J Trauma. 2007 Mar;62(3):647-56; discussion 656. doi: 10.1097/TA.0b013e31802ee542.
Fluid therapy and/or acute lung injury may increase intra-abdominal pressure (IAP) and intrathoracic pressure, thereby increasing intracranial pressure (ICP) after traumatic brain injury (TBI). Further fluid administration to support cerebral perfusion or increasing ventilatory support to treat acute lung injury further increases ICP. This can create a cycle that ultimately produces multiple compartment syndrome (MCS). Both decompressive craniectomy (DC) and decompressive laparotomy (DL) decrease ICP. DL can also decrease IAP and ICP. We evaluated the serial application of DC and DL to treat MCS.
Data were analyzed for 102 consecutive patients with severe TBI who underwent DC alone to decrease ICP or in combination with DL to treat MCS.
All 102 patients sustained blunt injury. Seventy percent were men with a mean age of 29.5 years, an Injury Severity Score of 34.4, and admission Glasgow Coma Scale score of 7.1. Fifty-one patients had diffuse brain injury and 51 had mass lesions. Seventy-eight patients (76%) underwent DC alone. Twenty-four (22%) had both therapies for MCS. Fifteen patients had DC before DL and nine had DL before DC. Mean time between DC and DL was 3.4 +/- 6 days. The mean IAP before DL was 28 +/- 5 mm Hg. Twenty-four-hour cumulative mean intrathoracic pressure decreased significantly after DL in the MCS group (p = 0.01). Mean ICP decreased significantly after both DC and DL (p < 0.05).

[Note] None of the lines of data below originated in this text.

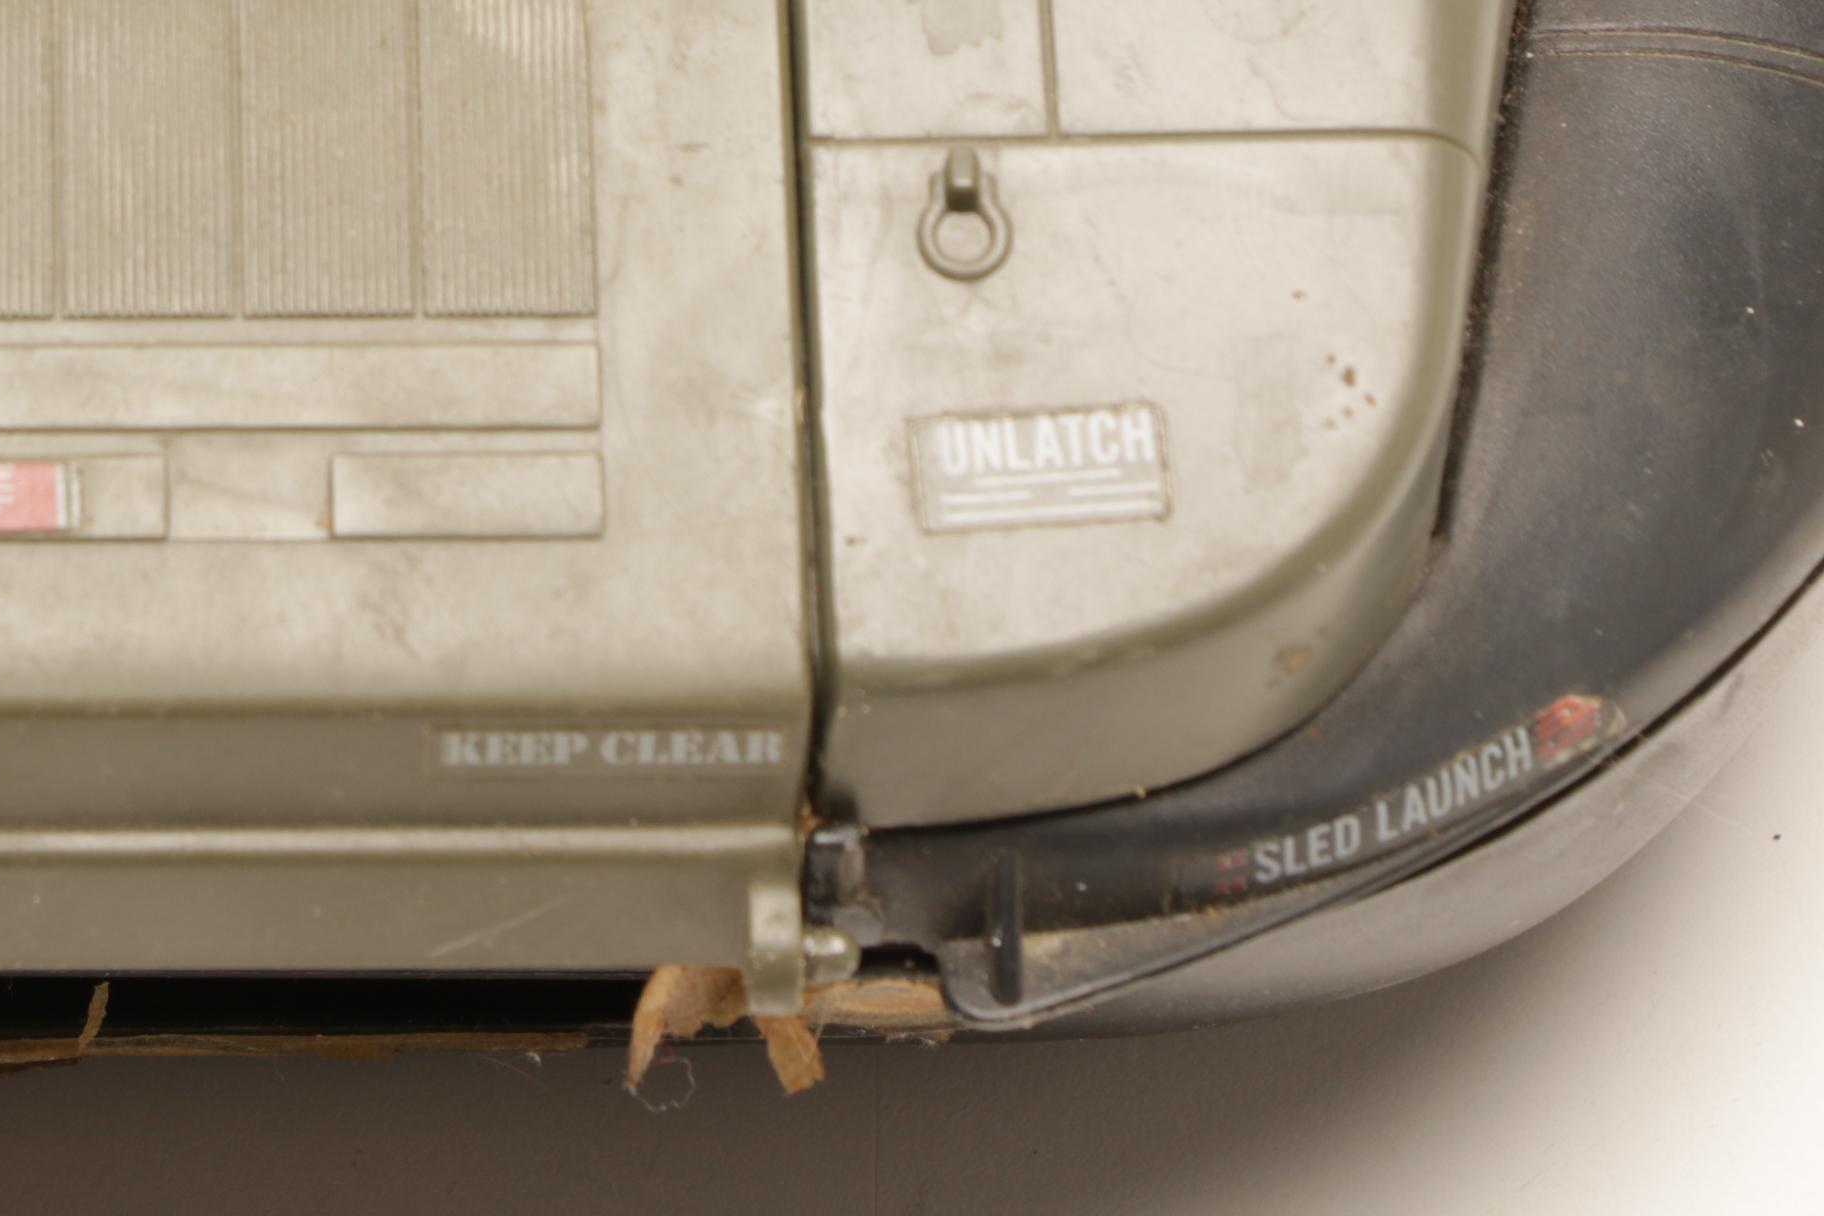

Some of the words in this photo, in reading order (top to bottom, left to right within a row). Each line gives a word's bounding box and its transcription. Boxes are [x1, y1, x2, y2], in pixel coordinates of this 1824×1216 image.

[936, 408, 1155, 476] UNLATCH
[440, 731, 589, 766] KEEP
[598, 730, 782, 765] CLEAR
[1253, 815, 1362, 883] SLED
[1376, 726, 1534, 844] LAUNCH
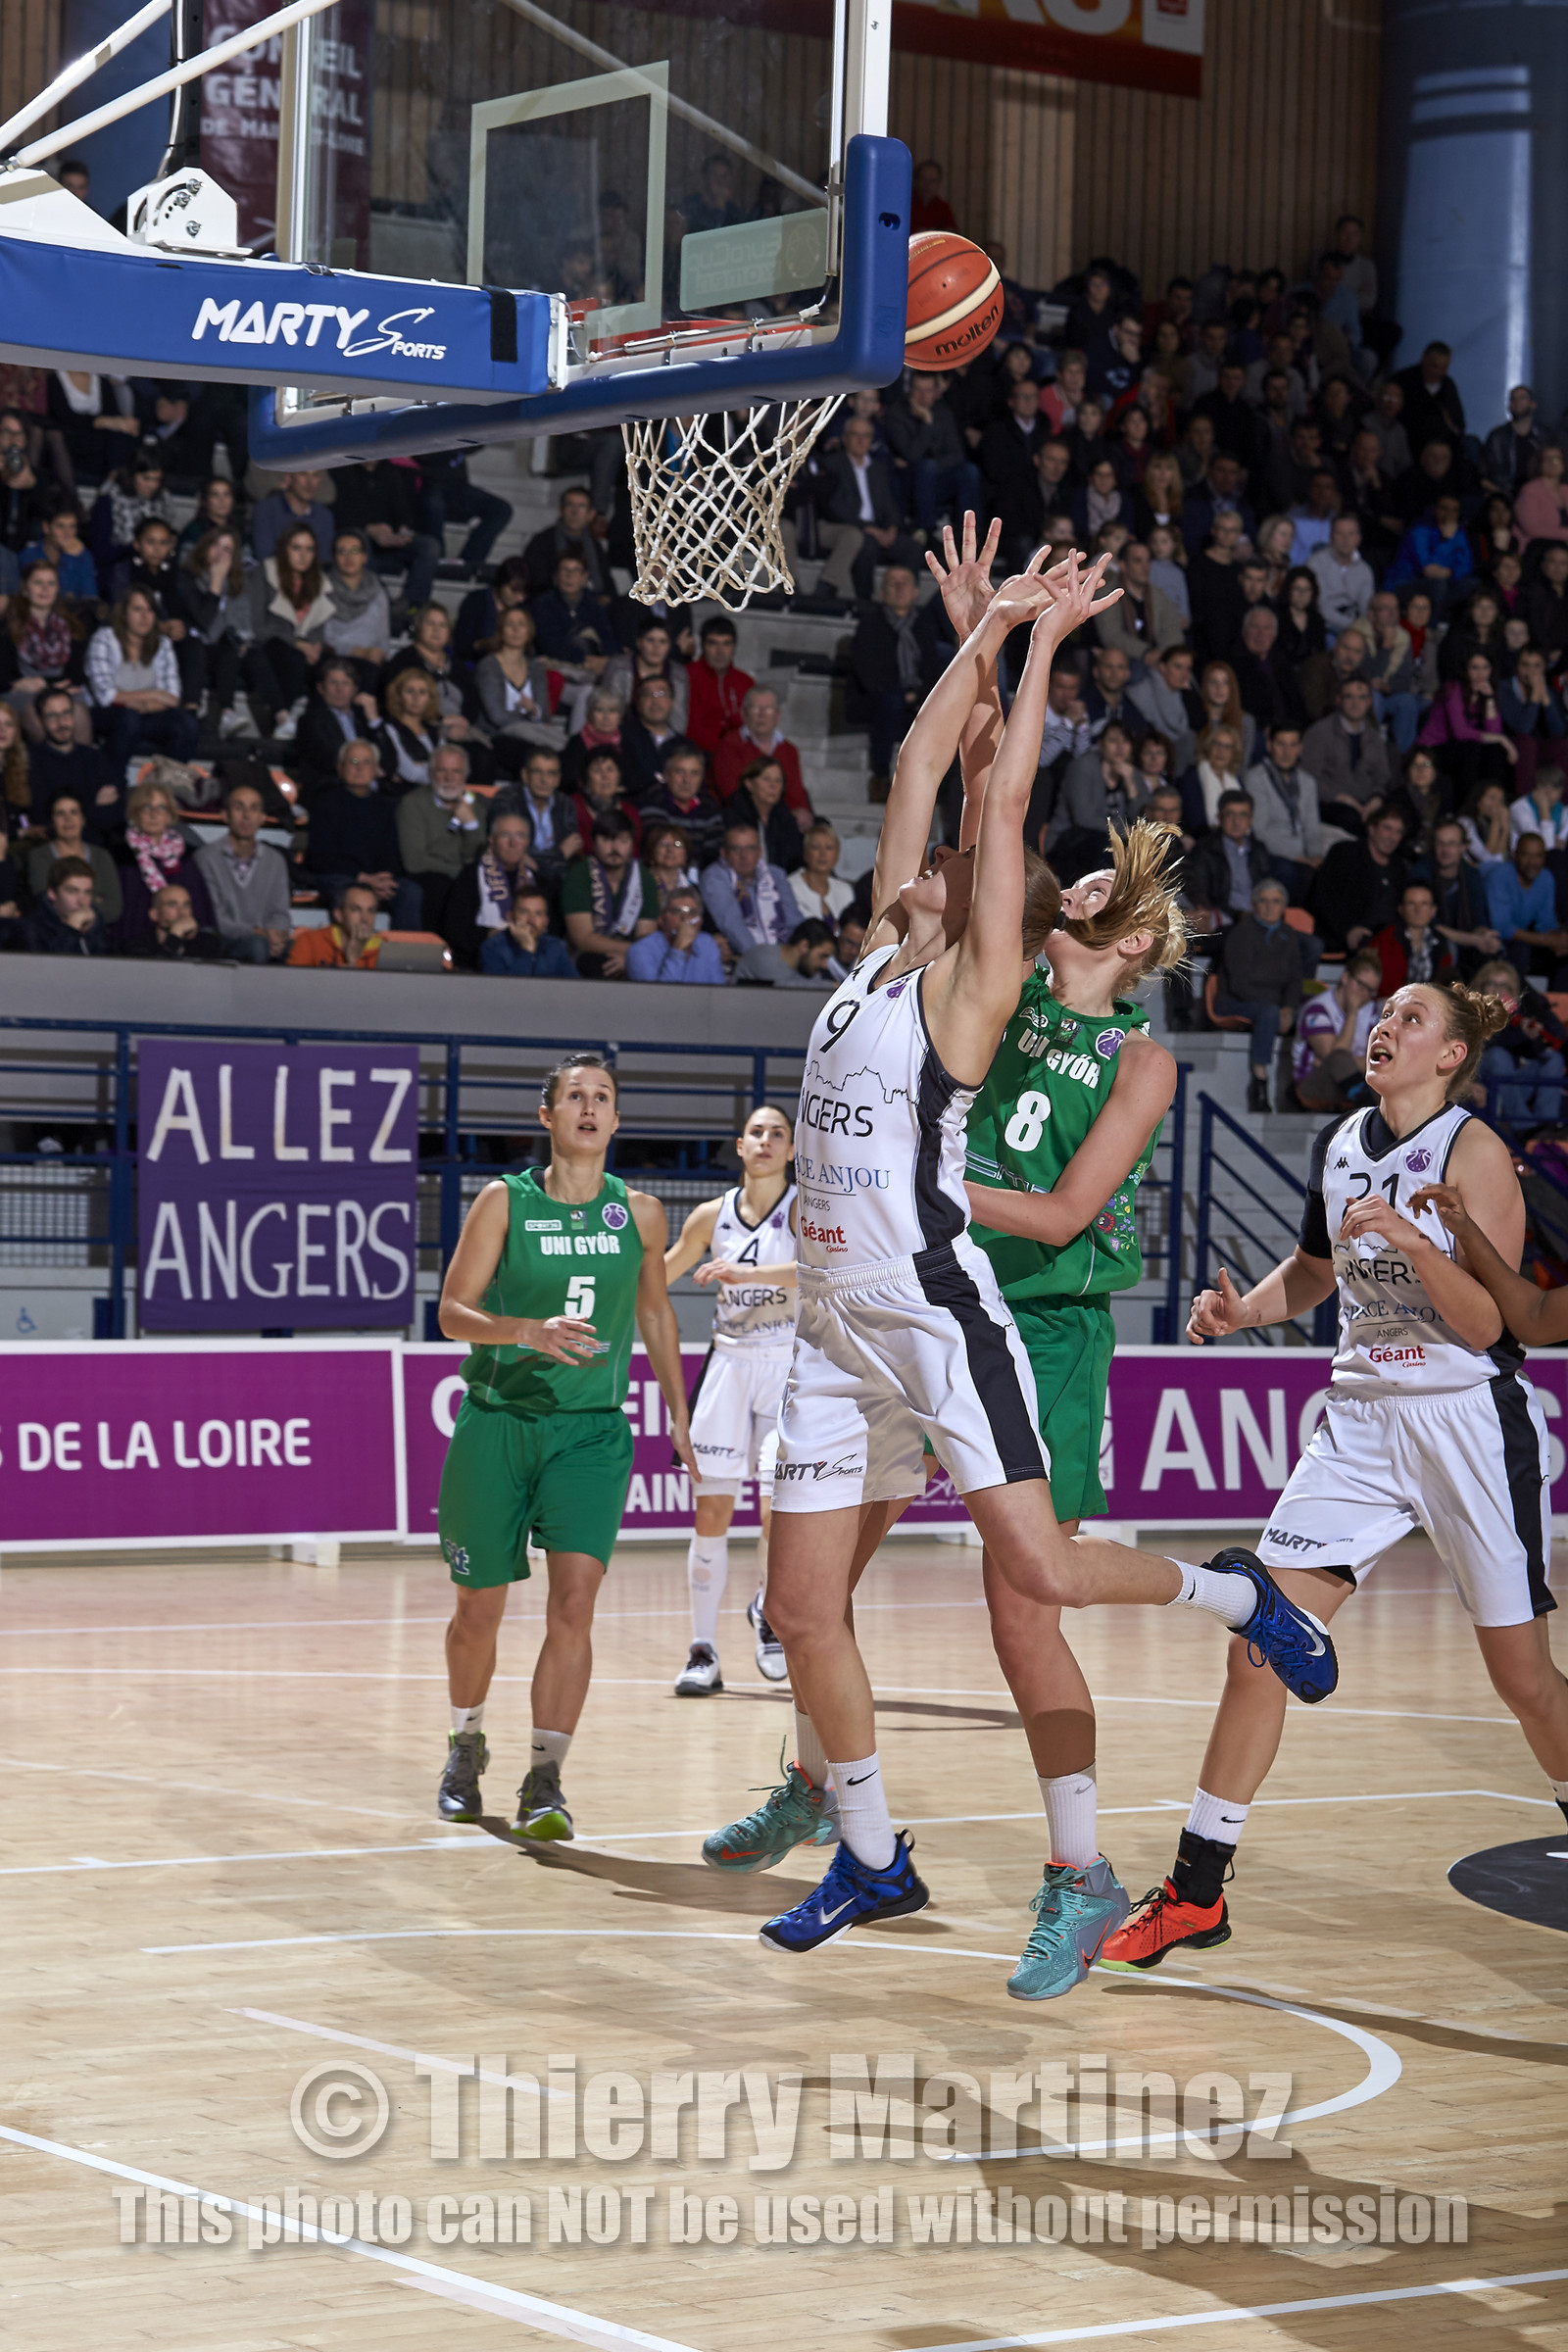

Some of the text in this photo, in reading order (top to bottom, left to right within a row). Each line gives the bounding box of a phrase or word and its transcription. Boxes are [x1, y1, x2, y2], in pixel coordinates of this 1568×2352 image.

[191, 297, 369, 350] MARTY
[935, 305, 999, 357] molten
[819, 999, 860, 1054] 9
[146, 1064, 413, 1164] ALLEZ
[1004, 1090, 1052, 1152] 8
[818, 1162, 891, 1193] ANJOU
[804, 1195, 831, 1211] ANGERS
[540, 1235, 572, 1255] UNI
[801, 1215, 846, 1244] Géant
[144, 1200, 410, 1300] ANGERS
[737, 1238, 760, 1267] 4
[564, 1276, 596, 1320] 5
[1376, 1327, 1409, 1339] ANGERS
[1369, 1345, 1426, 1363] Géant
[18, 1422, 82, 1471] DE
[98, 1421, 160, 1470] LA
[173, 1418, 312, 1469] LOIRE
[774, 1460, 828, 1481] ARTY
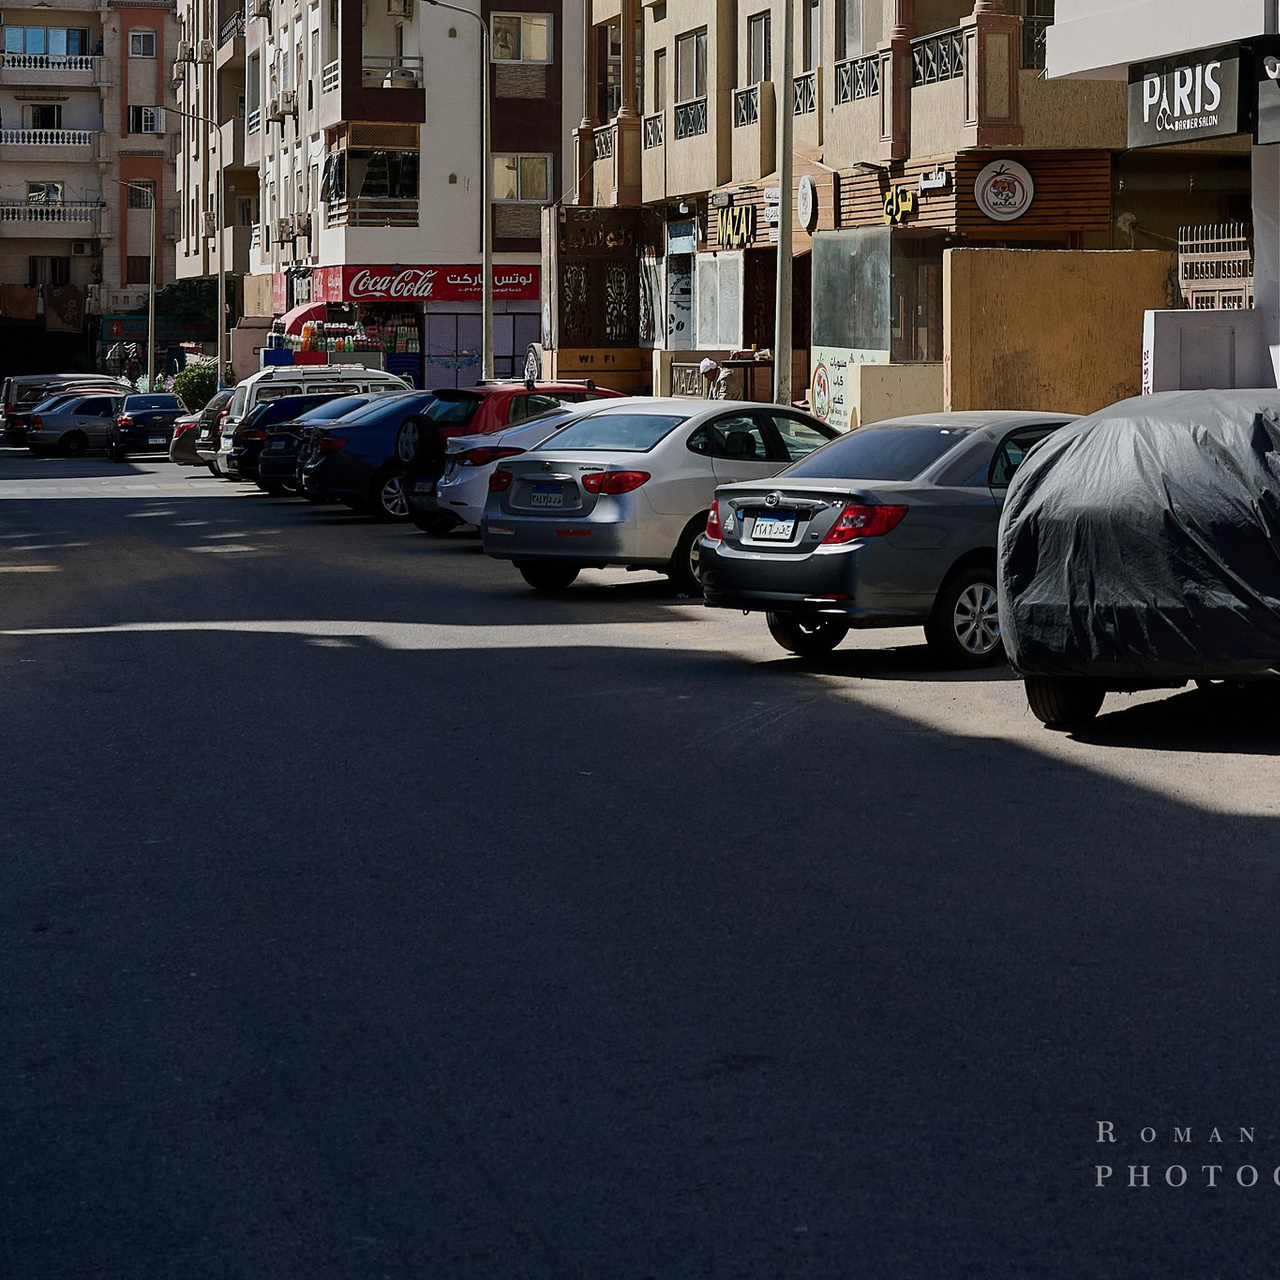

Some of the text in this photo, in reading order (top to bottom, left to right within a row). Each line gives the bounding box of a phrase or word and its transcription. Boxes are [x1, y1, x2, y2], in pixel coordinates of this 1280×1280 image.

Increased ICP may be from primary TBI or MCS. Patients with MCS have a higher Injury Severity Score, ICP, and fluid requirements, but no increase in mortality. Both DC and DL reduce ICP and can be used in sequence. MCS should be considered in multiply injured patients with increased ICP that does not respond to therapy.
液体治疗和/或急性肺损伤可能会增加腹内压(IAP)和胸内压,从而在创伤性脑损伤(TBI)后增加颅内压(ICP)。进一步给予液体以支持脑灌注或增加通气支持以治疗急性肺损伤会进一步升高ICP。这会形成一个最终导致多腔隙综合征(MCS)的循环。去骨瓣减压术(DC)和剖腹减压术(DL)均可降低ICP。DL还可降低IAP和ICP。我们评估了DC和DL序贯应用治疗MCS的效果。
分析了102例连续的重度TBI患者的数据,这些患者单独接受DC以降低ICP或联合DL治疗MCS。
102例患者均为钝性损伤。70%为男性,平均年龄29.5岁,损伤严重程度评分为34.4,入院时格拉斯哥昏迷量表评分为7.1。51例患者为弥漫性脑损伤,51例有占位性病变。78例患者(76%)单独接受DC。24例(22%)因MCS接受了两种治疗。15例患者先接受DC后接受DL,9例先接受DL后接受DC。DC和DL之间的平均时间为3.4±6天。DL前的平均IAP为28±5 mmHg。MCS组DL后24小时累计平均胸内压显著降低(p = 0.01)。DC和DL后平均ICP均显著降低(p < 0.05)。
ICP升高可能源于原发性TBI或MCS。患有MCS的患者损伤严重程度评分、ICP和液体需求量更高,但死亡率未增加。DC和DL均可降低ICP且可序贯使用。对于ICP升高且对治疗无反应的多发伤患者应考虑MCS。